═══ INPUT RECORDS
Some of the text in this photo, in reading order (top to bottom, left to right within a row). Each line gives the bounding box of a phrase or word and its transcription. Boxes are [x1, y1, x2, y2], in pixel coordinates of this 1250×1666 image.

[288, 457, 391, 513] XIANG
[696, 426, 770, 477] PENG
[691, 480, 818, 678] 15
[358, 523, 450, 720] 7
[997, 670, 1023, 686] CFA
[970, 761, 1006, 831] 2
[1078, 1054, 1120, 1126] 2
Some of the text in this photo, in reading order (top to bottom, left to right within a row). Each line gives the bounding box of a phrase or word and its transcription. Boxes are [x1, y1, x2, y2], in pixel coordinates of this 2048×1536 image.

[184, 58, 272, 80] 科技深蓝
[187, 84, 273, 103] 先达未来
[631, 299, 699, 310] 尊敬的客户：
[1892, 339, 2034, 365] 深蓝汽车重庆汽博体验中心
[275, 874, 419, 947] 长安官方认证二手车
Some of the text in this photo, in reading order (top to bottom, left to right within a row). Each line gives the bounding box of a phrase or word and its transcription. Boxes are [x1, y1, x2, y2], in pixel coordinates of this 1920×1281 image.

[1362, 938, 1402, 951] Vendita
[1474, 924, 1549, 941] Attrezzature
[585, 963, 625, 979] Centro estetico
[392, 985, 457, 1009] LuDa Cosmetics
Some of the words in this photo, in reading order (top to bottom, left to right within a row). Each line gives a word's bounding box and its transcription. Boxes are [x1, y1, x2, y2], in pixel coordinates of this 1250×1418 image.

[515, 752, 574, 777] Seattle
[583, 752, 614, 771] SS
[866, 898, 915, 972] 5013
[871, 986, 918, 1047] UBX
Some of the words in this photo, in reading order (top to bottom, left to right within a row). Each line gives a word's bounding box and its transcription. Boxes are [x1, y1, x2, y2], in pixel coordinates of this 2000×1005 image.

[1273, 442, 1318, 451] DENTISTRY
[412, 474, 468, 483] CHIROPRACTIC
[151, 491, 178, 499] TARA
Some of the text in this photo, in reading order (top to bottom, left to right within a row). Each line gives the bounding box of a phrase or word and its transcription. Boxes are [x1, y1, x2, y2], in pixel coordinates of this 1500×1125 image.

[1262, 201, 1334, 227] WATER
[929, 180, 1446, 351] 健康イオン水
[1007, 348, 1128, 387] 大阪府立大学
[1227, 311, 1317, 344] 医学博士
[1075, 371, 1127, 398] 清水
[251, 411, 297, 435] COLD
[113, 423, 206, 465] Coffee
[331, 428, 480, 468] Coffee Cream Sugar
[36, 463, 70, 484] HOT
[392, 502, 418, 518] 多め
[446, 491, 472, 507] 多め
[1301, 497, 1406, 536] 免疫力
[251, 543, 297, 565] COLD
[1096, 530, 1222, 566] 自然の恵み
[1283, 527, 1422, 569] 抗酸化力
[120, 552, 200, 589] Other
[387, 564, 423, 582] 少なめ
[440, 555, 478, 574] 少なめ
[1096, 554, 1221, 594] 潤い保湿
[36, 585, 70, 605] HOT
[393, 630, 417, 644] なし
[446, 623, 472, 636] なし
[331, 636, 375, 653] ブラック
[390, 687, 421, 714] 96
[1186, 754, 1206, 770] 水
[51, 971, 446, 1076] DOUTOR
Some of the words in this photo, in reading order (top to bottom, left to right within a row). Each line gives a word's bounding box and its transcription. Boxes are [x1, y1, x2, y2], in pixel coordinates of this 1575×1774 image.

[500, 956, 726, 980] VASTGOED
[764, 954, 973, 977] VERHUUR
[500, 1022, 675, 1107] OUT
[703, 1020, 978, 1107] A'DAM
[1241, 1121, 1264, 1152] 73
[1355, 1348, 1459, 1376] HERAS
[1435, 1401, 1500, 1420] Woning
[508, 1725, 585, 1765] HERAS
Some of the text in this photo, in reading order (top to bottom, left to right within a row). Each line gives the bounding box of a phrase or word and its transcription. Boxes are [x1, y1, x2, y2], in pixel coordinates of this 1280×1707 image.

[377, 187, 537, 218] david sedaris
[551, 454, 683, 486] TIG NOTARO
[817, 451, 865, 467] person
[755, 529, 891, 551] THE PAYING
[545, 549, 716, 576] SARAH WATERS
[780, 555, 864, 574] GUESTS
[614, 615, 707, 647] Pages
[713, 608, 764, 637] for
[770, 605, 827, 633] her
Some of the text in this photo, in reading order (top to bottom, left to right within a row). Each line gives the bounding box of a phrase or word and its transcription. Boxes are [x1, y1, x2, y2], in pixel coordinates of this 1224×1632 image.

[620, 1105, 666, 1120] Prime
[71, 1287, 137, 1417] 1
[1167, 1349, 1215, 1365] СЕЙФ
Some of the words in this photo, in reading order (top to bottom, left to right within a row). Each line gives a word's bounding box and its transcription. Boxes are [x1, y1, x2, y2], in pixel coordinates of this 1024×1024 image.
══════
**AIM OF THE EXERCISE**:
Print each entry above again, exactly as it was given.

**REPLY**:
Some of the text in this photo, in reading order (top to bottom, left to right within a row). Each line gives the bounding box of a phrase or word and its transcription. Boxes are [x1, y1, x2, y2], in pixel coordinates of this 1250×1666 image.

[288, 457, 391, 513] XIANG
[696, 426, 770, 477] PENG
[691, 480, 818, 678] 15
[358, 523, 450, 720] 7
[997, 670, 1023, 686] CFA
[970, 761, 1006, 831] 2
[1078, 1054, 1120, 1126] 2
Some of the text in this photo, in reading order (top to bottom, left to right within a row). Each line gives the bounding box of a phrase or word and its transcription. Boxes are [x1, y1, x2, y2], in pixel coordinates of this 2048×1536 image.

[184, 58, 272, 80] 科技深蓝
[187, 84, 273, 103] 先达未来
[631, 299, 699, 310] 尊敬的客户：
[1892, 339, 2034, 365] 深蓝汽车重庆汽博体验中心
[275, 874, 419, 947] 长安官方认证二手车
Some of the text in this photo, in reading order (top to bottom, left to right within a row). Each line gives the bounding box of a phrase or word and its transcription. Boxes are [x1, y1, x2, y2], in pixel coordinates of this 1920×1281 image.

[1362, 938, 1402, 951] Vendita
[1474, 924, 1549, 941] Attrezzature
[585, 963, 625, 979] Centro estetico
[392, 985, 457, 1009] LuDa Cosmetics
Some of the words in this photo, in reading order (top to bottom, left to right within a row). Each line gives a word's bounding box and its transcription. Boxes are [x1, y1, x2, y2], in pixel coordinates of this 1250×1418 image.

[515, 752, 574, 777] Seattle
[583, 752, 614, 771] SS
[866, 898, 915, 972] 5013
[871, 986, 918, 1047] UBX
Some of the words in this photo, in reading order (top to bottom, left to right within a row). Each line gives a word's bounding box and its transcription. Boxes are [x1, y1, x2, y2], in pixel coordinates of this 2000×1005 image.

[1273, 442, 1318, 451] DENTISTRY
[412, 474, 468, 483] CHIROPRACTIC
[151, 491, 178, 499] TARA
Some of the text in this photo, in reading order (top to bottom, left to right within a row). Each line gives the bounding box of a phrase or word and its transcription. Boxes are [x1, y1, x2, y2], in pixel coordinates of this 1500×1125 image.

[1262, 201, 1334, 227] WATER
[929, 180, 1446, 351] 健康イオン水
[1007, 348, 1128, 387] 大阪府立大学
[1227, 311, 1317, 344] 医学博士
[1075, 371, 1127, 398] 清水
[251, 411, 297, 435] COLD
[113, 423, 206, 465] Coffee
[331, 428, 480, 468] Coffee Cream Sugar
[36, 463, 70, 484] HOT
[392, 502, 418, 518] 多め
[446, 491, 472, 507] 多め
[1301, 497, 1406, 536] 免疫力
[251, 543, 297, 565] COLD
[1096, 530, 1222, 566] 自然の恵み
[1283, 527, 1422, 569] 抗酸化力
[120, 552, 200, 589] Other
[387, 564, 423, 582] 少なめ
[440, 555, 478, 574] 少なめ
[1096, 554, 1221, 594] 潤い保湿
[36, 585, 70, 605] HOT
[393, 630, 417, 644] なし
[446, 623, 472, 636] なし
[331, 636, 375, 653] ブラック
[390, 687, 421, 714] 96
[1186, 754, 1206, 770] 水
[51, 971, 446, 1076] DOUTOR
Some of the words in this photo, in reading order (top to bottom, left to right within a row). Each line gives a word's bounding box and its transcription. Boxes are [x1, y1, x2, y2], in pixel coordinates of this 1575×1774 image.

[500, 956, 726, 980] VASTGOED
[764, 954, 973, 977] VERHUUR
[500, 1022, 675, 1107] OUT
[703, 1020, 978, 1107] A'DAM
[1241, 1121, 1264, 1152] 73
[1355, 1348, 1459, 1376] HERAS
[1435, 1401, 1500, 1420] Woning
[508, 1725, 585, 1765] HERAS
Some of the text in this photo, in reading order (top to bottom, left to right within a row). Each line gives the bounding box of a phrase or word and its transcription. Boxes are [x1, y1, x2, y2], in pixel coordinates of this 1280×1707 image.

[377, 187, 537, 218] david sedaris
[551, 454, 683, 486] TIG NOTARO
[817, 451, 865, 467] person
[755, 529, 891, 551] THE PAYING
[545, 549, 716, 576] SARAH WATERS
[780, 555, 864, 574] GUESTS
[614, 615, 707, 647] Pages
[713, 608, 764, 637] for
[770, 605, 827, 633] her
Some of the text in this photo, in reading order (top to bottom, left to right within a row). Each line gives the bounding box of a phrase or word and its transcription. Boxes are [x1, y1, x2, y2], in pixel coordinates of this 1224×1632 image.

[620, 1105, 666, 1120] Prime
[71, 1287, 137, 1417] 1
[1167, 1349, 1215, 1365] СЕЙФ
Some of the words in this photo, in reading order (top to bottom, left to right within a row). Each line gives a word's bounding box and its transcription. Boxes are [x1, y1, x2, y2], in pixel coordinates of this 1024×1024 image.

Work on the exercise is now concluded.